The OIG recommended that the Colorado District Office take steps to recommend termination of the firm identified as no longer being eligible for the 8(a) program, minimize or end restrictions on participant access to the district office, and ensure that all 8(a) firms are assigned a BDS. The OIG also recommended that SBA require the district office to use a Customer Relationship Management (CRM) system to track customer requests and monitor CRM status reports to ensure that requests are addressed timely. Finally, the OIG recommended that SBA determine the adequacy of training provided BDSs, take steps to address training shortfalls, annually administer a nationwide customer satisfaction survey and tie the survey results to District Director performance ratings, and determine whether district offices are appropriately staffed to provide for adequate servicing of 8(a) firms.
On September 1, 2010, the owner of an 8(a) certified design/remodeling business was charged with one count of conspiracy. She is alleged to have conspired to submit falsified information to the General Services Administration (GSA) in the course of obtaining an 8(a) contract with the Department of Homeland Security (DHS), Immigration and Customs Enforcement (ICE). As a result of the conspiracy, ICE suffered a loss of $389,738. The SBA OIG is conducting this investigation jointly with DHS ICE, the GSA OIG, and the Department of Justice (DOJ) Antitrust Division.

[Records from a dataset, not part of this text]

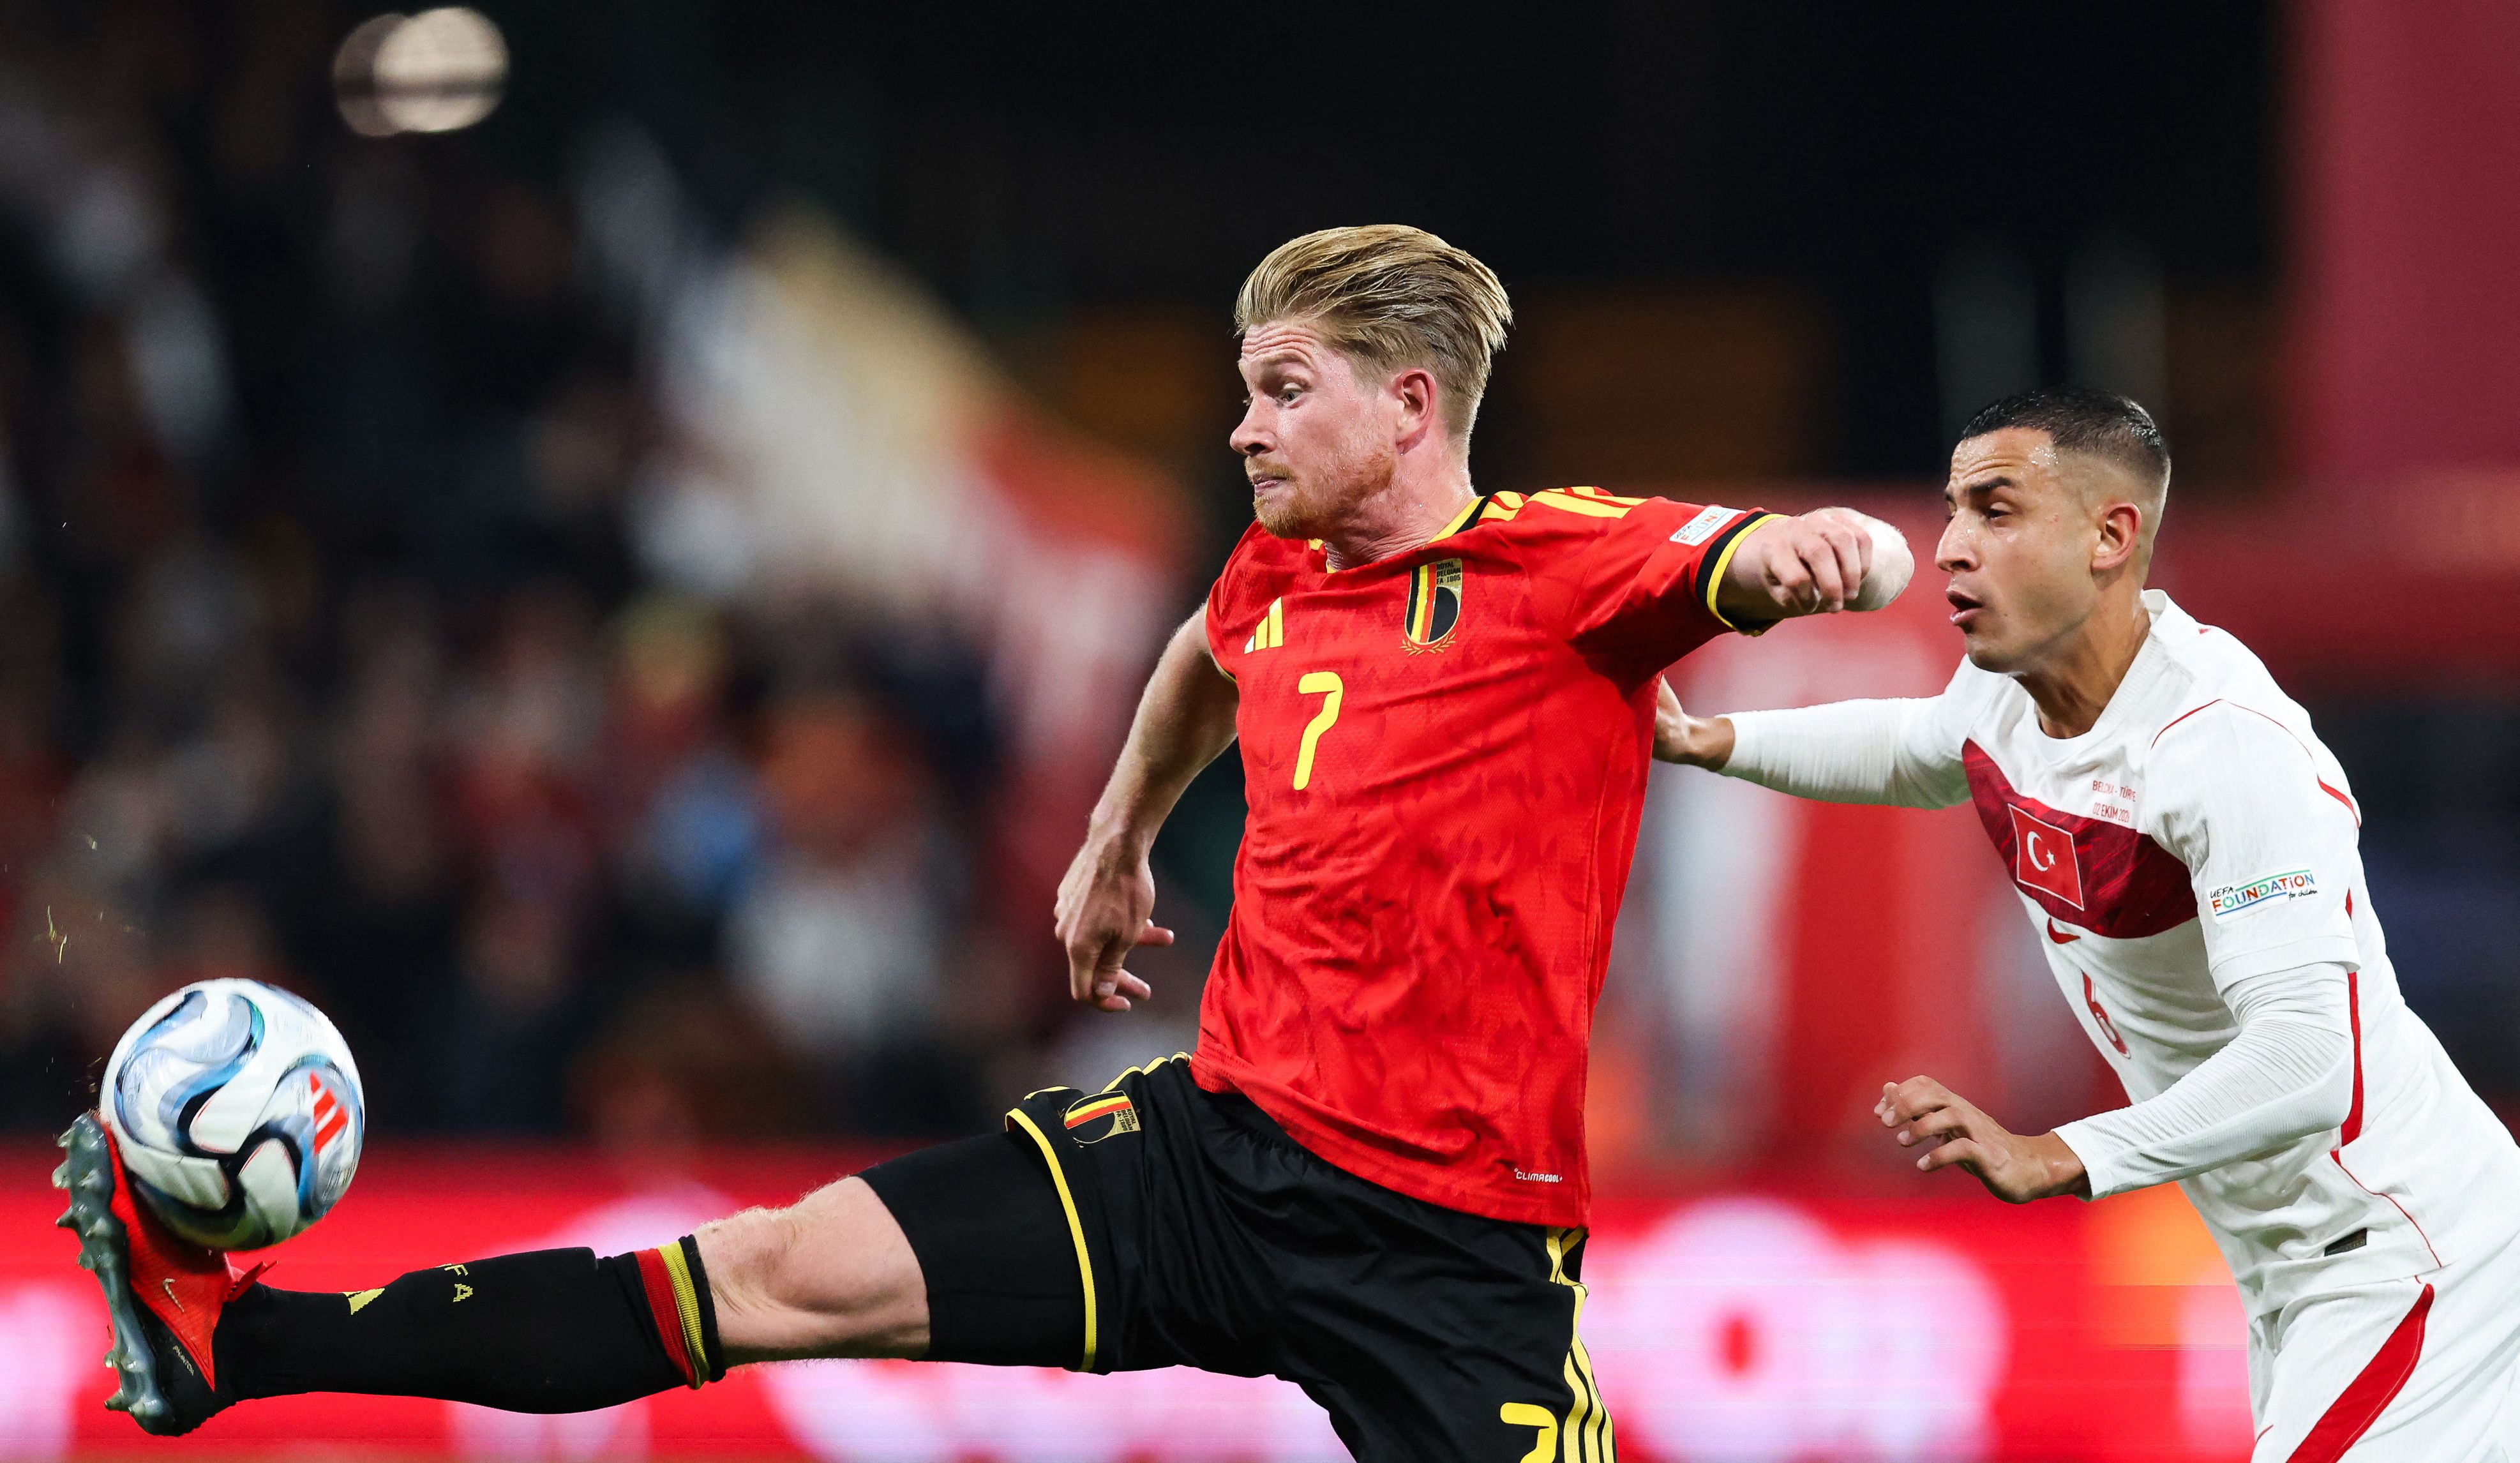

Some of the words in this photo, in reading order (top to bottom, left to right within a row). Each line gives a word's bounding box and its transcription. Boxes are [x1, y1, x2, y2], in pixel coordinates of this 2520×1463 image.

[1293, 671, 1344, 790] 7
[2210, 886, 2235, 899] UEFA
[2212, 873, 2315, 912] FOUNDATION
[2298, 887, 2318, 898] children
[2081, 971, 2131, 1060] 6
[1121, 1109, 1134, 1131] BELGIAN
[1126, 1108, 1136, 1124] ROYAL
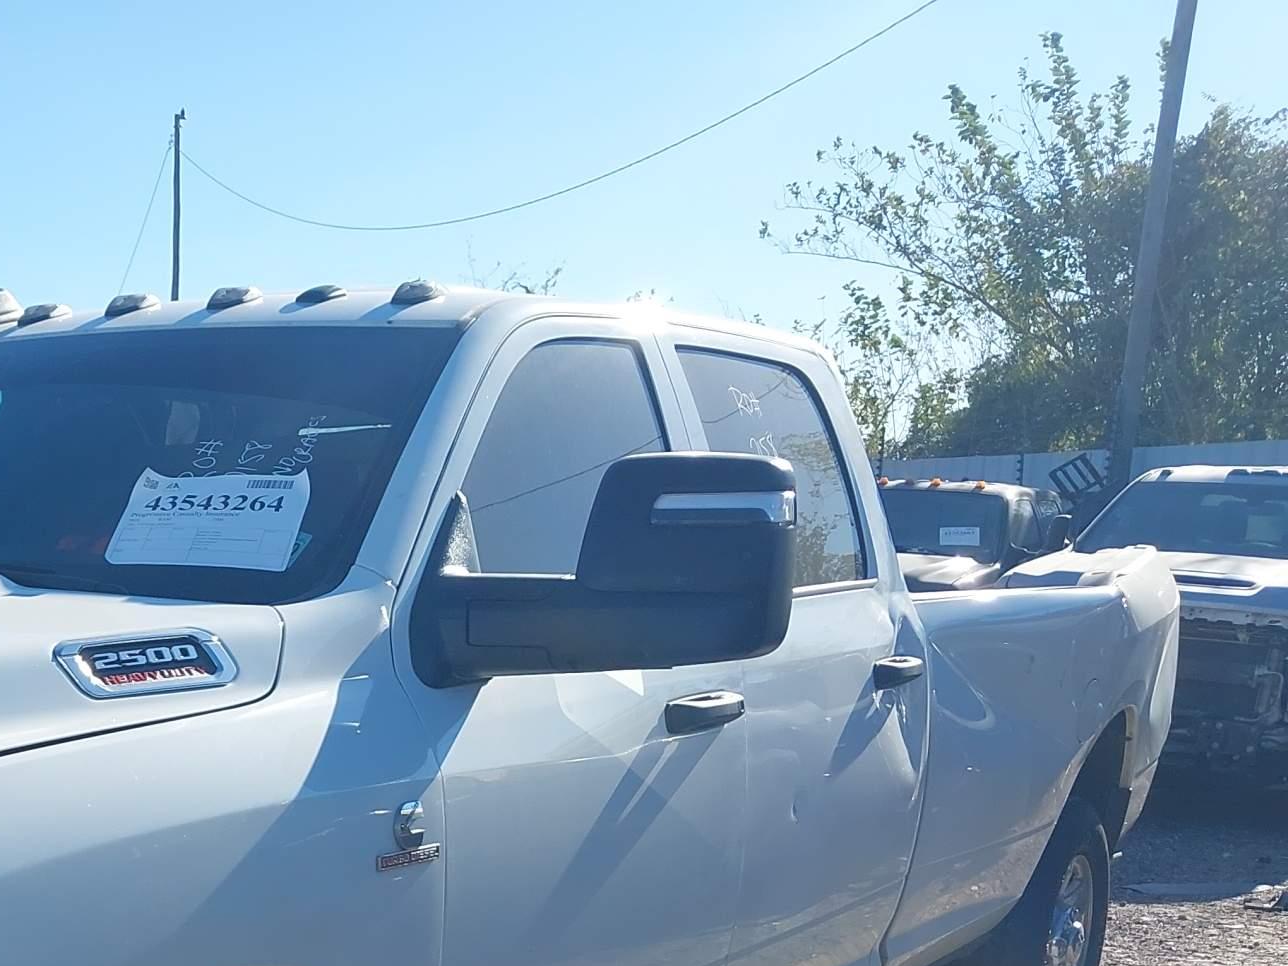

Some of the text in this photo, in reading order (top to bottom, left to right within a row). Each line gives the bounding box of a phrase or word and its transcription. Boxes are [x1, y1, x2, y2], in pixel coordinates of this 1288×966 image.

[144, 494, 285, 513] 43543264
[94, 644, 198, 670] 2500
[103, 671, 161, 686] HEAVY
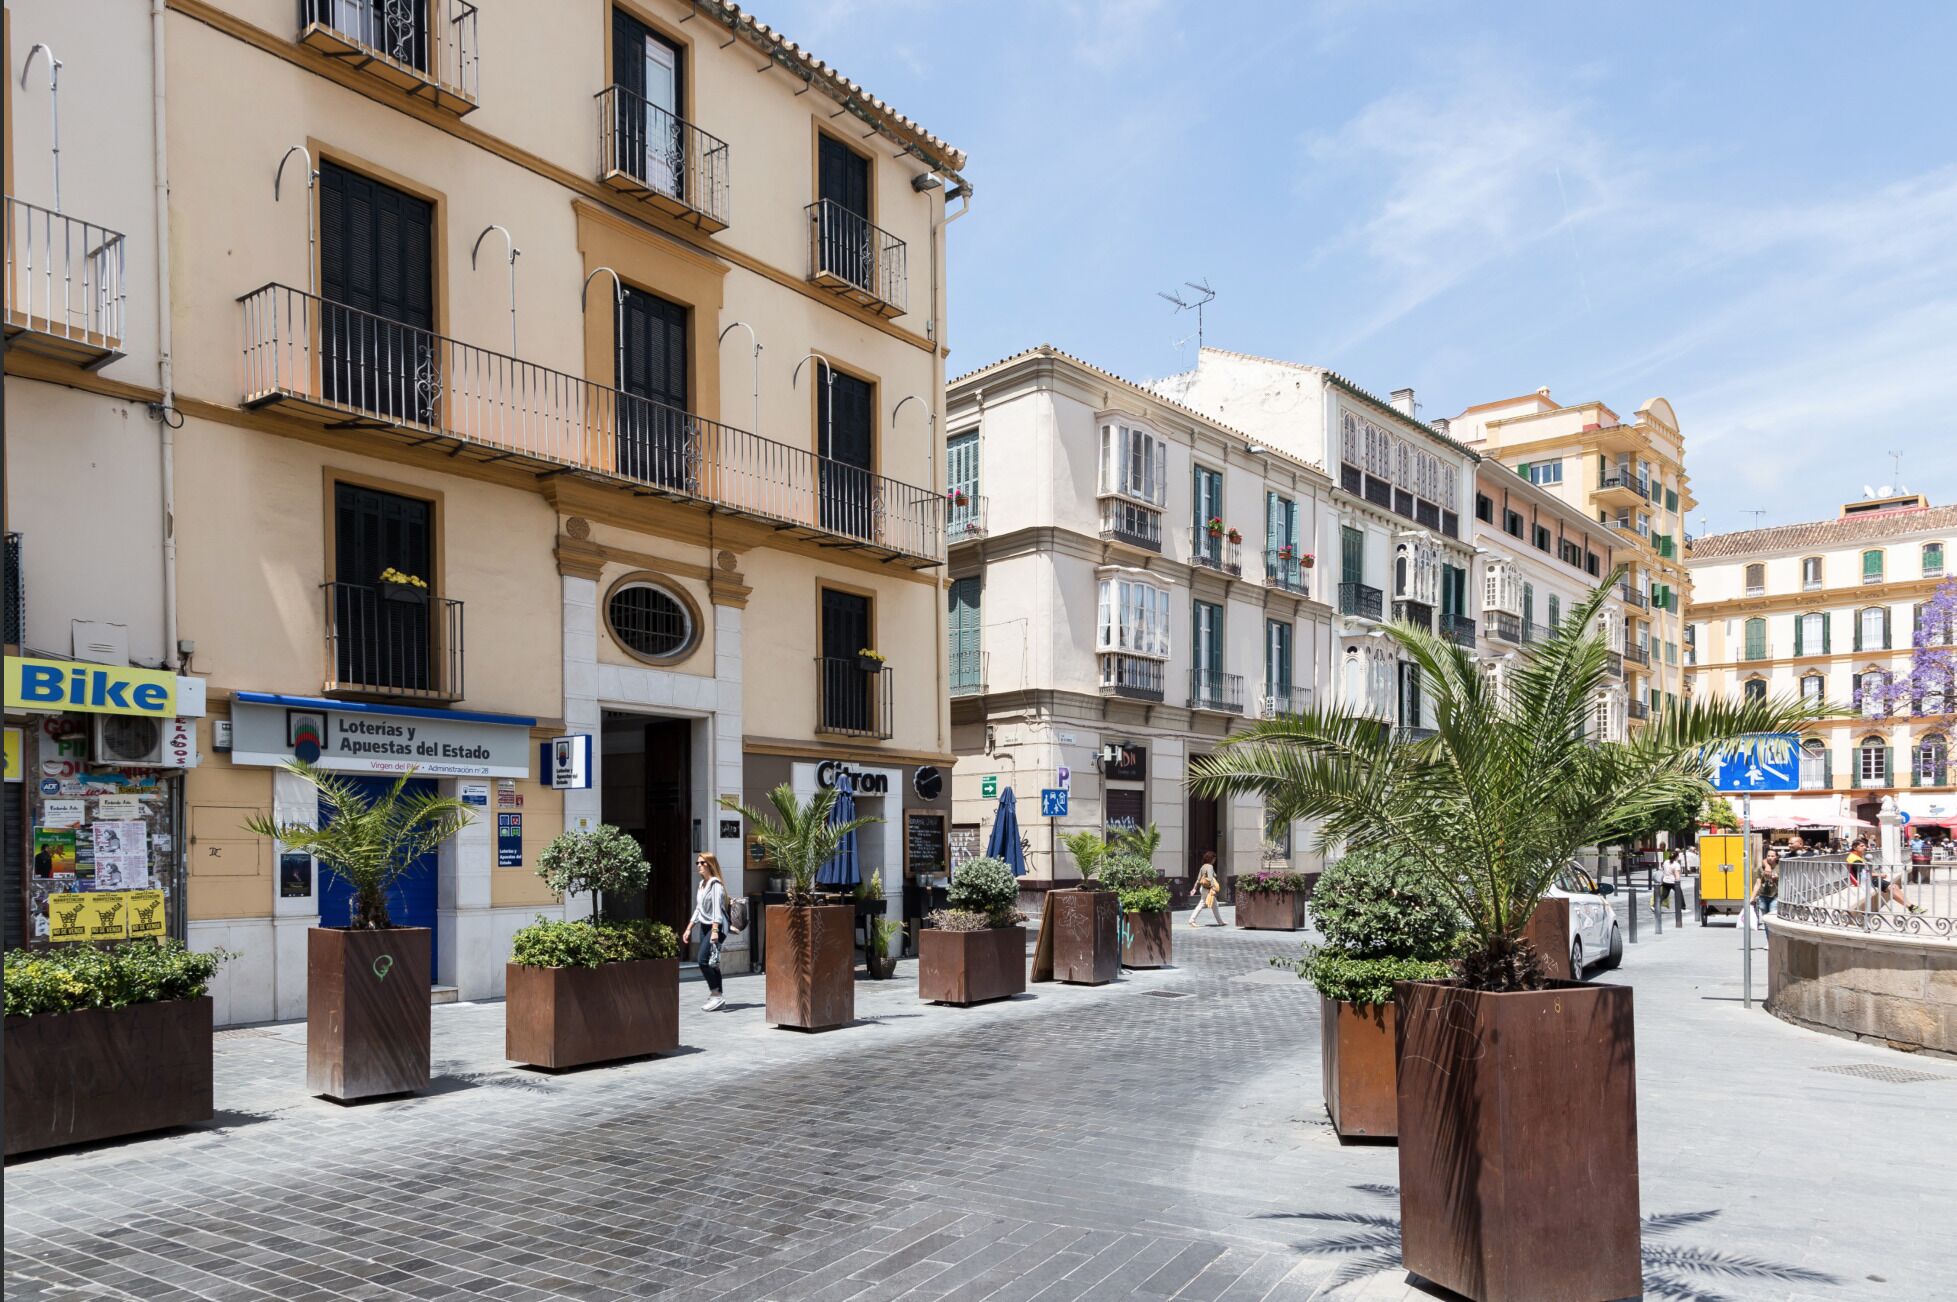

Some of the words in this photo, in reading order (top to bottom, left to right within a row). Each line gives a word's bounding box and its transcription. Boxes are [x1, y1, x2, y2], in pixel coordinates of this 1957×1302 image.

[21, 664, 168, 711] Bike
[339, 719, 403, 737] Loterías
[407, 727, 416, 741] y
[340, 737, 412, 754] Apuestas
[416, 741, 438, 756] del
[442, 744, 490, 760] Estado
[370, 761, 393, 771] Virgen
[395, 762, 405, 770] del
[1058, 767, 1070, 787] P

On September 15, 2010, a contractor at the National Archives and Records Administration (NARA) was sentenced to 15 months in prison followed by three years supervised release. He was also ordered to pay restitution of $958,280.64, jointly and severally with a co-conspirator, who is awaiting sentencing, and was ordered to forfeit two vehicles purchased with proceeds of the scheme. He and the co-conspirator were involved in a scheme to embezzle $958,280 from NARA. The co-conspirator was responsible for property management and project oversight at NARA’s Archives II facility in College Park, Maryland. The defendant was a facility support manager for a company that had a government contract to provide facility management at the Archives II facility. The co-conspirator used his NARA government purchase card to pay three businesses, purportedly operated by the defendant, for goods and services that were never provided or provided at inflated prices. The businesses were listed on contracting documents as 8(a) certified, but there was no record of their 8(a) certification with the SBA. Furthermore, the businesses did not have any offices or employees. The SBA OIG is conducting this investigation jointly with the NARA OIG.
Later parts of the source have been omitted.